Supplied information START

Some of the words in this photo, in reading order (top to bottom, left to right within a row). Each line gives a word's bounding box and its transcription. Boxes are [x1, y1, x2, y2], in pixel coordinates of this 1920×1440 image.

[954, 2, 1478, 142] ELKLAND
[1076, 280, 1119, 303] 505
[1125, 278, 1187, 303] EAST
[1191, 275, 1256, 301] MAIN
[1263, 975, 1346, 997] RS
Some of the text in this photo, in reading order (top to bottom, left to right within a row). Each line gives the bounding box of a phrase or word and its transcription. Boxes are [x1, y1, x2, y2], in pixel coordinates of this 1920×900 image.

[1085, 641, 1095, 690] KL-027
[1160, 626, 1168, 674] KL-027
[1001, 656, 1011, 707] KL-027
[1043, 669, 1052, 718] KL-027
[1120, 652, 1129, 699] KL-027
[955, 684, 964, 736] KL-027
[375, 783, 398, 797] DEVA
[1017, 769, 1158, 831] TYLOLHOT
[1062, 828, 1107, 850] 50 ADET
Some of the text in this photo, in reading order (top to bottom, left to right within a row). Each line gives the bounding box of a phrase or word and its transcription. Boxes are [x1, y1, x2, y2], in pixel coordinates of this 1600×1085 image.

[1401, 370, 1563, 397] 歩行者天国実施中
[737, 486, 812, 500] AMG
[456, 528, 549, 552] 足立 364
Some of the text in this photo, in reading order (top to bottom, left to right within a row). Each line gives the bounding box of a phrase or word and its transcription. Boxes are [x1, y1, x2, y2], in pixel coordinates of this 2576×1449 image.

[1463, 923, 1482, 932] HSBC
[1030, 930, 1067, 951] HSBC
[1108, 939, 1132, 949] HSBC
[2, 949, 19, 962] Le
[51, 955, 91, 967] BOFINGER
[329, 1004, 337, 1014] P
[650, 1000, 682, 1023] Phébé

Supplied information END

Problem statement: Word-for-word copies of all the records are required.

Response:
Some of the words in this photo, in reading order (top to bottom, left to right within a row). Each line gives a word's bounding box and its transcription. Boxes are [x1, y1, x2, y2], in pixel coordinates of this 1920×1440 image.

[954, 2, 1478, 142] ELKLAND
[1076, 280, 1119, 303] 505
[1125, 278, 1187, 303] EAST
[1191, 275, 1256, 301] MAIN
[1263, 975, 1346, 997] RS
Some of the text in this photo, in reading order (top to bottom, left to right within a row). Each line gives the bounding box of a phrase or word and its transcription. Boxes are [x1, y1, x2, y2], in pixel coordinates of this 1920×900 image.

[1085, 641, 1095, 690] KL-027
[1160, 626, 1168, 674] KL-027
[1001, 656, 1011, 707] KL-027
[1043, 669, 1052, 718] KL-027
[1120, 652, 1129, 699] KL-027
[955, 684, 964, 736] KL-027
[375, 783, 398, 797] DEVA
[1017, 769, 1158, 831] TYLOLHOT
[1062, 828, 1107, 850] 50 ADET
Some of the text in this photo, in reading order (top to bottom, left to right within a row). Each line gives the bounding box of a phrase or word and its transcription. Boxes are [x1, y1, x2, y2], in pixel coordinates of this 1600×1085 image.

[1401, 370, 1563, 397] 歩行者天国実施中
[737, 486, 812, 500] AMG
[456, 528, 549, 552] 足立 364
Some of the text in this photo, in reading order (top to bottom, left to right within a row). Each line gives the bounding box of a phrase or word and its transcription. Boxes are [x1, y1, x2, y2], in pixel coordinates of this 2576×1449 image.

[1463, 923, 1482, 932] HSBC
[1030, 930, 1067, 951] HSBC
[1108, 939, 1132, 949] HSBC
[2, 949, 19, 962] Le
[51, 955, 91, 967] BOFINGER
[329, 1004, 337, 1014] P
[650, 1000, 682, 1023] Phébé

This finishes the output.